Essential workers in farming, grocery stores, janitorial services, care homes, public transportation, hospitals, and other sectors were not given raises. Few employers created incentive packages to hire new folks to meet the demand and allow for reasonable time off, let alone supplying adequate personal protective equipment (PPE).  Many were not even categorized to be at the front of the line to receive the COVID-19 vaccine once it was available. 

And folks wonder why there isn’t a rush to go back to work. Too many of our institutions are acting like it’s time to get “back to normal” when so few have even caught their breath in the wake of the relentless tragedies that have befallen our society: a pandemic that has killed more than 613,000 and counting; surges of racist attacks and killings; an attempted insurrection; forest fires that send ash to choke us thousands of miles away; floods that sweep cars off streets and homes off their foundations. 

We have been shown how vulnerable we are, and how our institutions — whether they are inadequate, in denial, or flat out neglectful — have not responded in ways that center wellbeing, care, safety and recovery for all. Logics of efficiency, profit, and strategic forgetfulness seem to be directing their actions.  

We need so much caring right now.
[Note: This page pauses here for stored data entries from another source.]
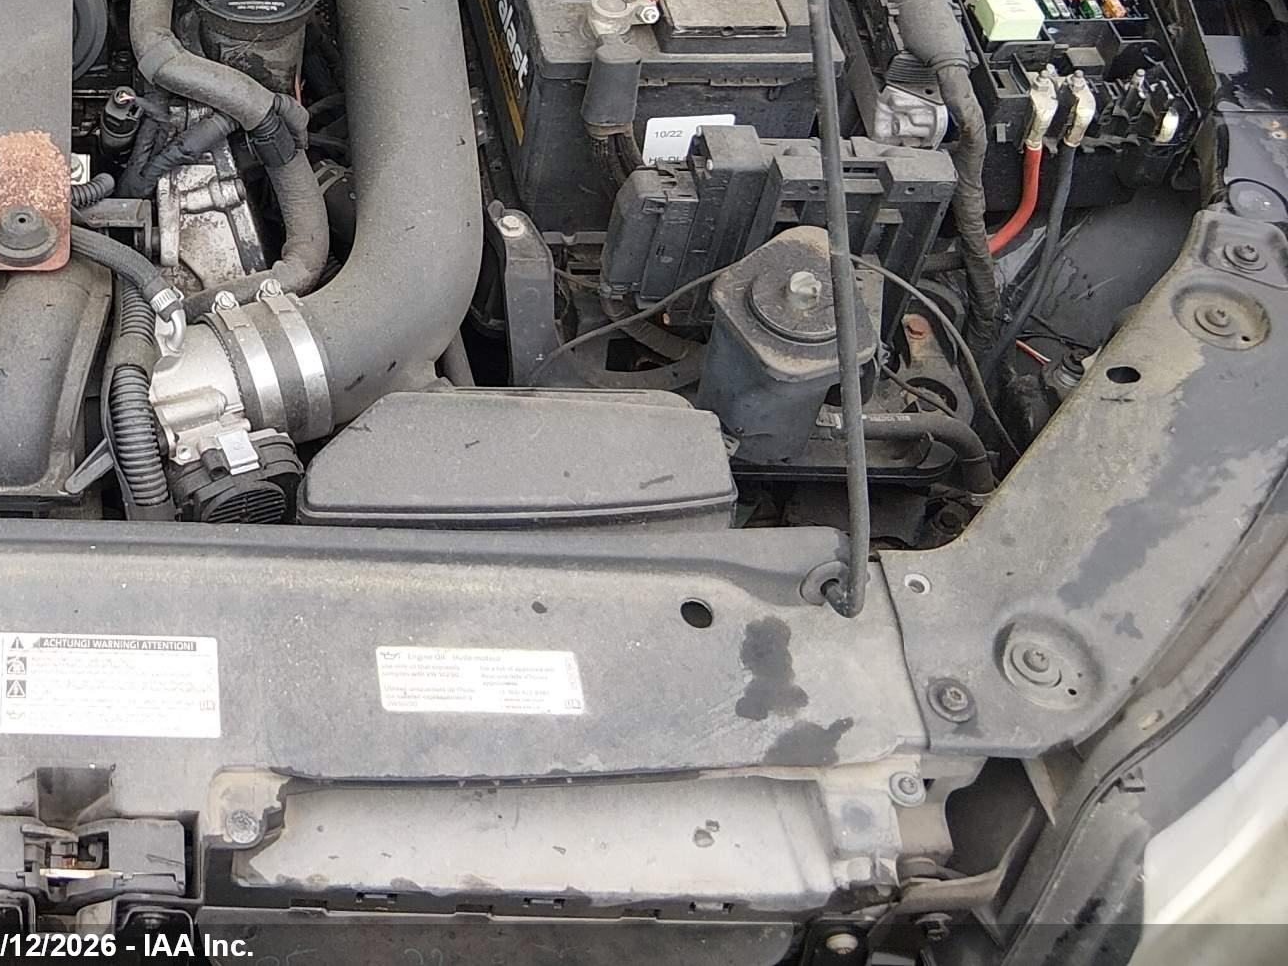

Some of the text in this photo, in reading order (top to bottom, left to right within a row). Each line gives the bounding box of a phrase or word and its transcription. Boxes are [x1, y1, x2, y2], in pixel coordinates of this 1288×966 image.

[654, 130, 683, 138] 10/22
[43, 638, 194, 651] ACHTUNG! WARNING! ATTENTION!
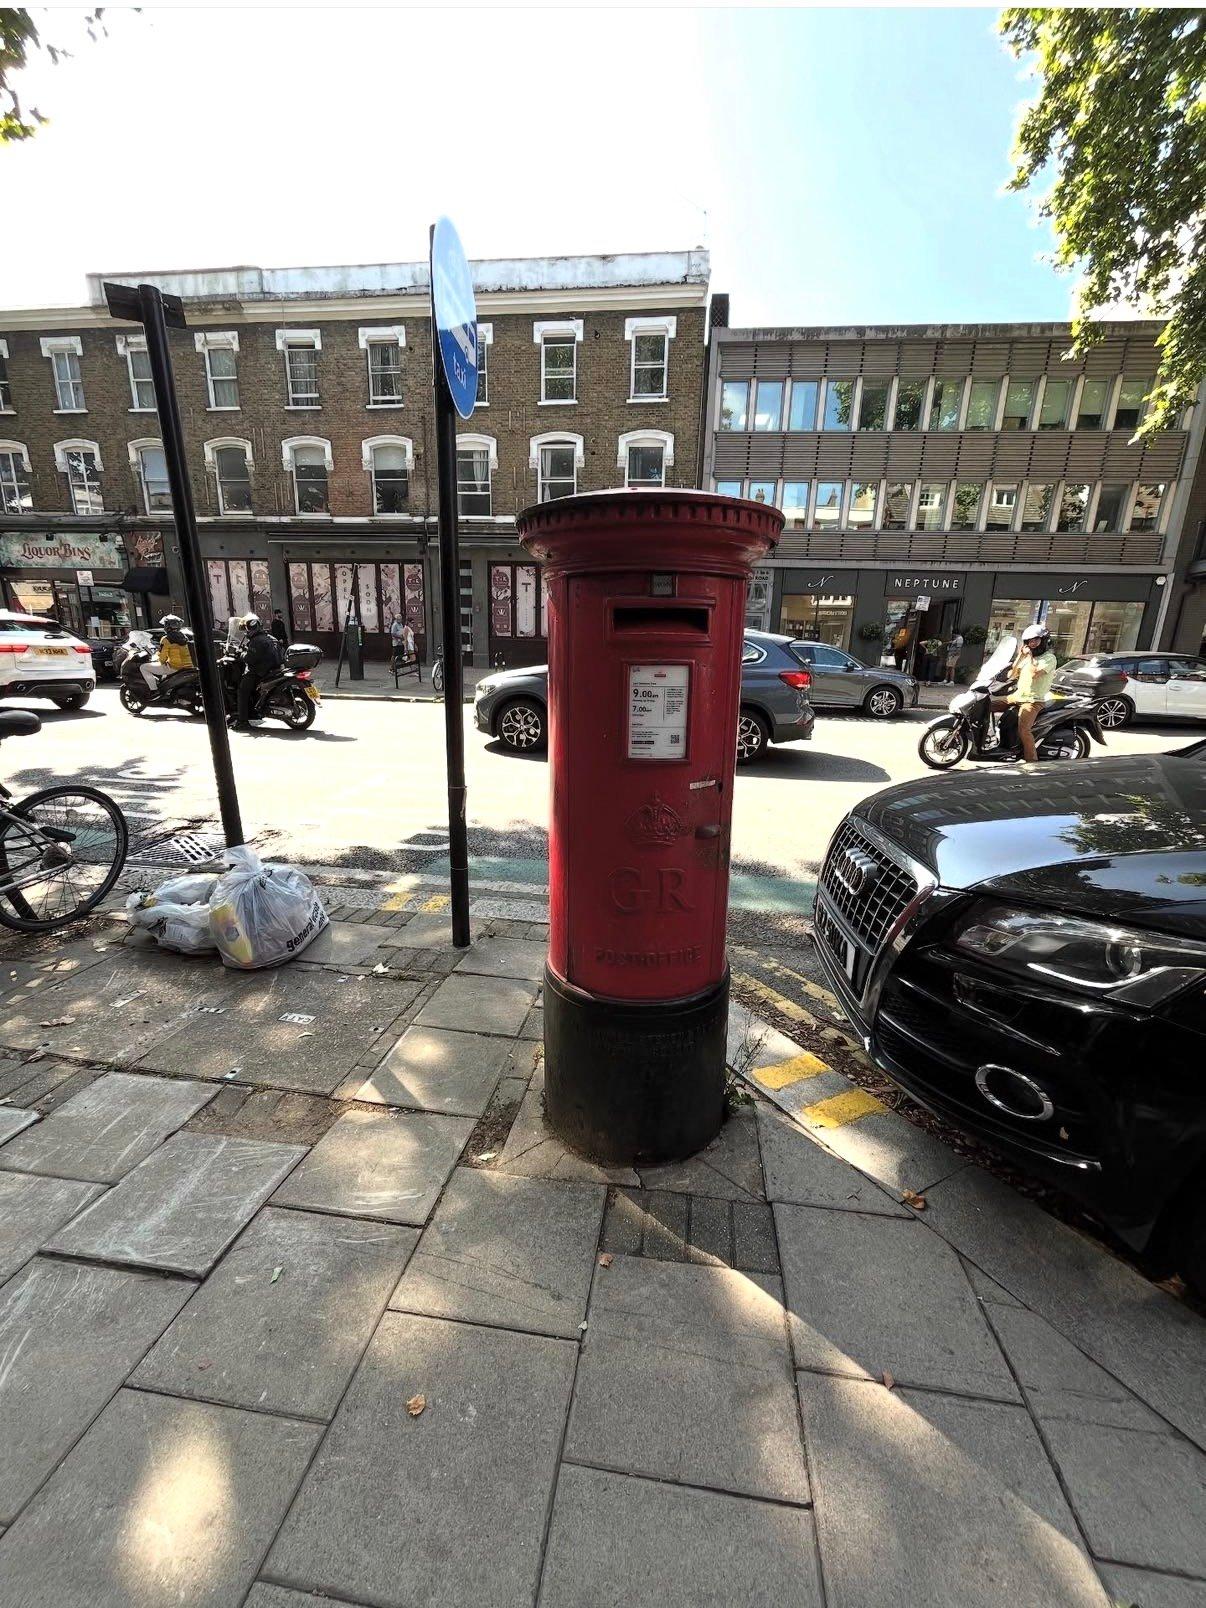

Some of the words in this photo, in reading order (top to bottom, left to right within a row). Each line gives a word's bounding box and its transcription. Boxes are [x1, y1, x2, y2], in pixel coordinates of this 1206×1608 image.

[452, 351, 467, 390] taxi
[21, 543, 62, 559] LIQUOR
[63, 543, 91, 561] BINS
[894, 578, 959, 589] NEPTUNE
[286, 917, 315, 952] general
As others have said: We need an economy of care.  An economy of care that recognizes not only the historical gender, class, and racial inequalities and injustices of imbalances in caretaking work, but also values and lifts up the need for caring as a key part of sustainable, equitable life on this planet.
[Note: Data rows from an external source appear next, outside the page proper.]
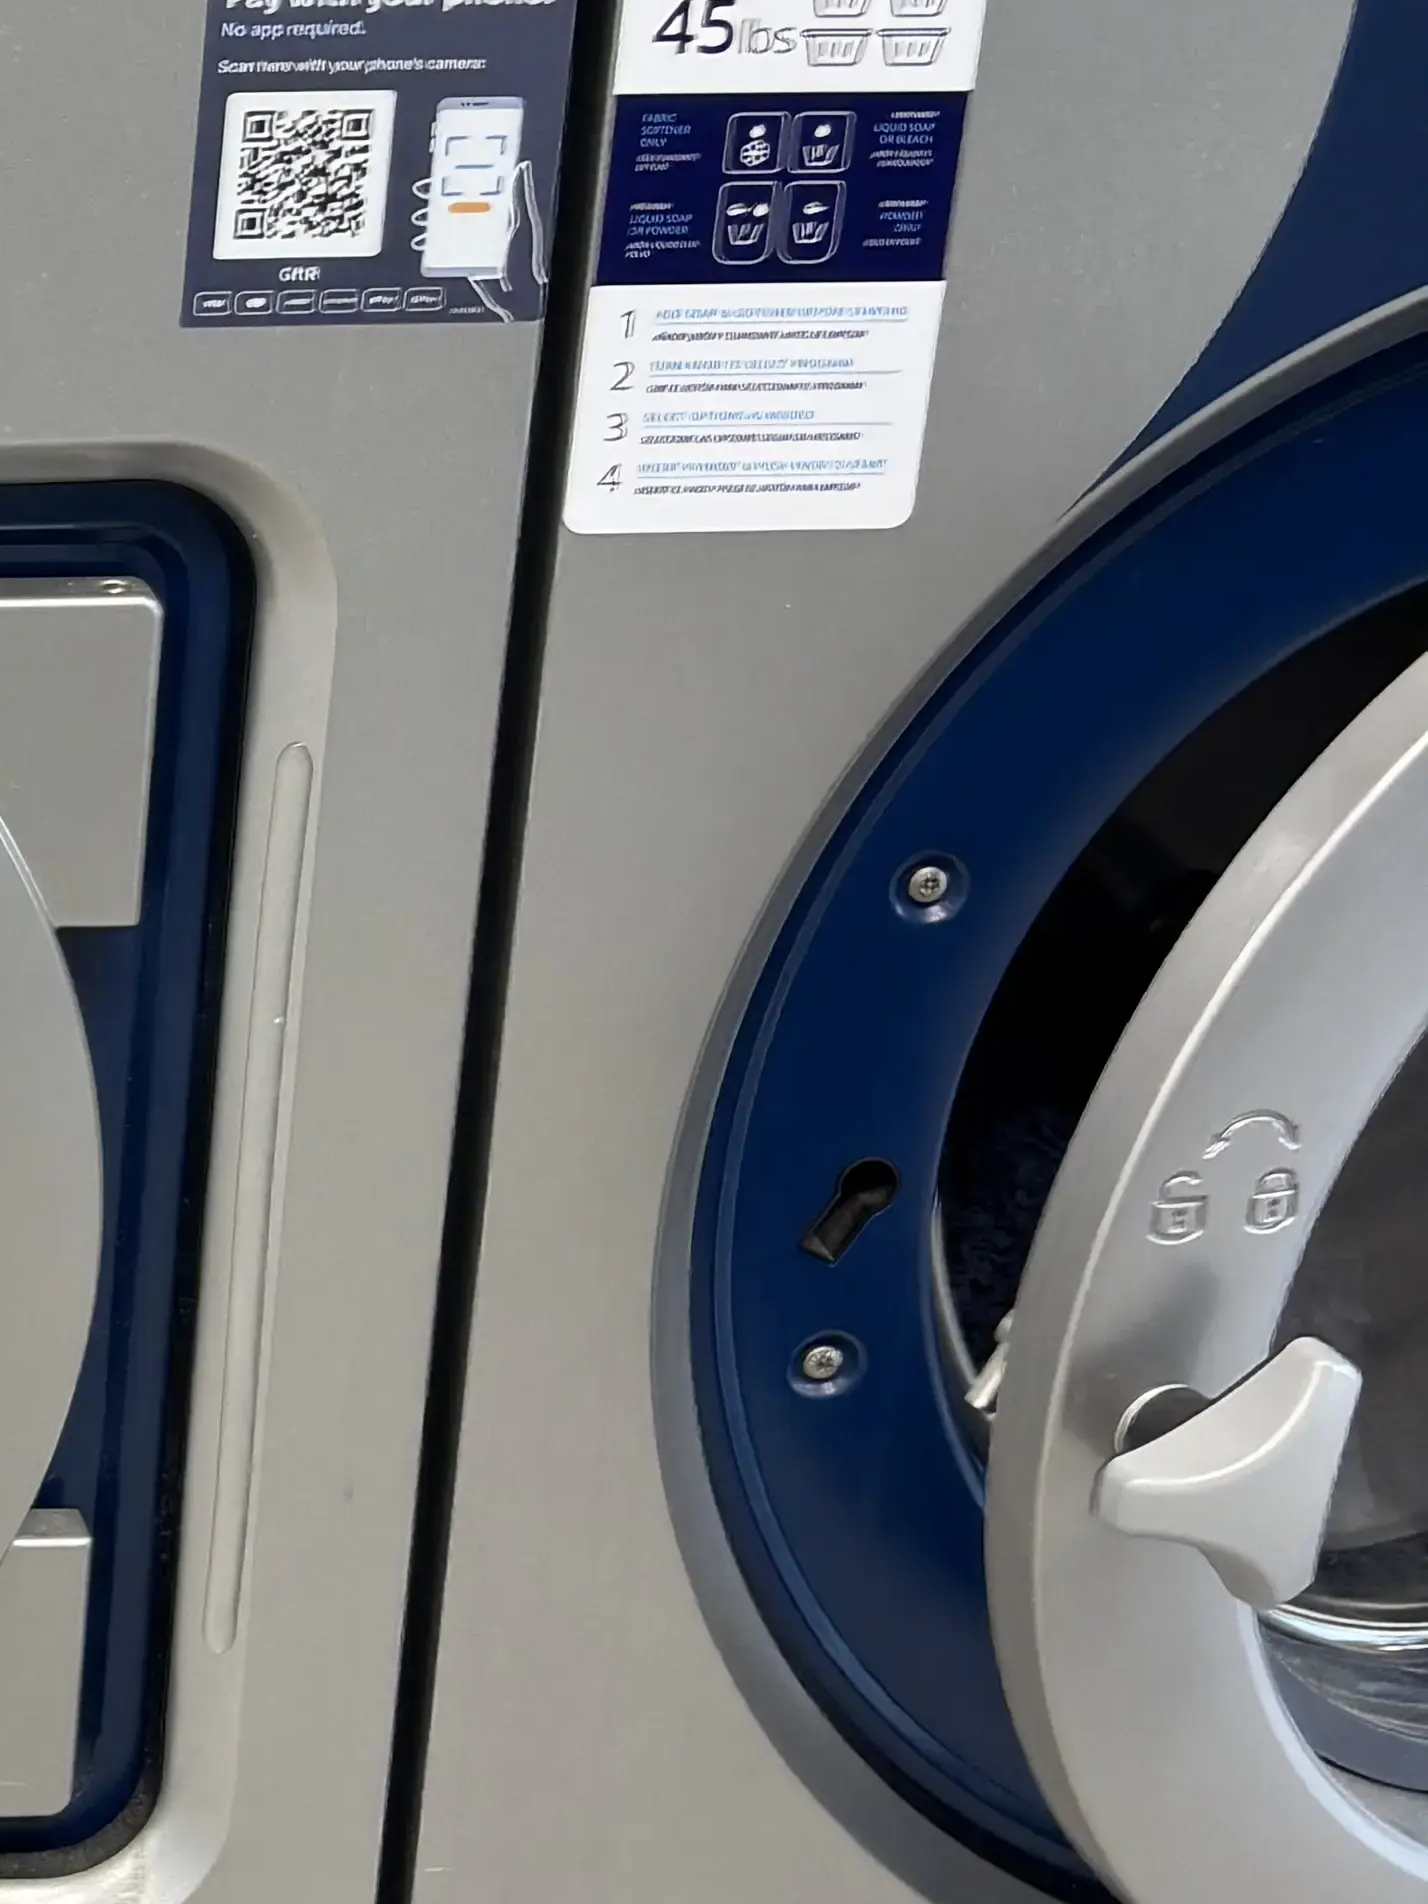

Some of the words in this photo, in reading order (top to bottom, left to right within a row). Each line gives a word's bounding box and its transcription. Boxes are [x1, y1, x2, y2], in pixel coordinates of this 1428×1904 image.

[221, 22, 247, 37] No
[251, 23, 284, 40] app
[286, 19, 367, 40] required.
[217, 59, 254, 74] Scan
[294, 58, 326, 72] with
[328, 59, 365, 75] your
[364, 57, 424, 74] phone's
[620, 309, 637, 339] 1
[609, 361, 635, 391] 2
[603, 412, 629, 442] 3
[596, 462, 622, 492] 4
Having an economic model that puts citizens’ wellbeing, not profit, at the center, would be an amazing thing to behold. What is heartening about what has emerged from the past 18 months is that people are more willing to try, to experiment, to think differently about what our society could look like.

From mutual aid networks and cooperatives to housing justice activism, from refusing to take on underpaid jobs or overtime to insisting on flex time, more and more folks are resisting the logic of industrial time and questioning the dehumanizing economic models that assume we are individuals driven to maximize efficiency and profit for ourselves. 

What might a large-scale economy built on a care-time scale look like? New Zealand — one of the few industrialized settler nations to come through the pandemic without such extreme death rates — has started to put in place measures of wellbeing as part of its economic calculus.

Instead of over-relying on gross domestic product (GDP) or stock market indices to model what is good for the economy, New Zealand’s Treasury has developed the Living Standards Framework (LSF) to create an index of wellbeing to gauge whether government policies support a society where “people can live lives they have reason to value.” 

The LSF’s measures include civic engagement, health, cultural identity, housing, social connections, and how folks use their time.  For example, if a portion of the population does not have time to exercise, visit friends, engage in cultural or religious practices, it is a clear signal that the country’s political and economic policies aren’t supporting the wellbeing of all citizens.

Everyone requires and deserves time for rest and rejuvenation, no matter where they live or what they do to earn money. The pandemic has underscored the need for our society to have policies to provide living wages, paid vacation, paid family care leave and sick leave, paid bereavement leave, and workday shifts that don’t leave folks so tired and out of breath they cannot do more than recover from a day’s work before having to go back to do more.

It is time to structure public policies and economic thinking so that no one estimates what is the “acceptable number” of lives lost to “keep the economy on track.”  Instead, we must take the time to ask how we can collaborate and care for each other and our environment so we live resiliently with opportunities to experience joy and sorrow, to savor moments with loved ones, to learn and play and grow without fear.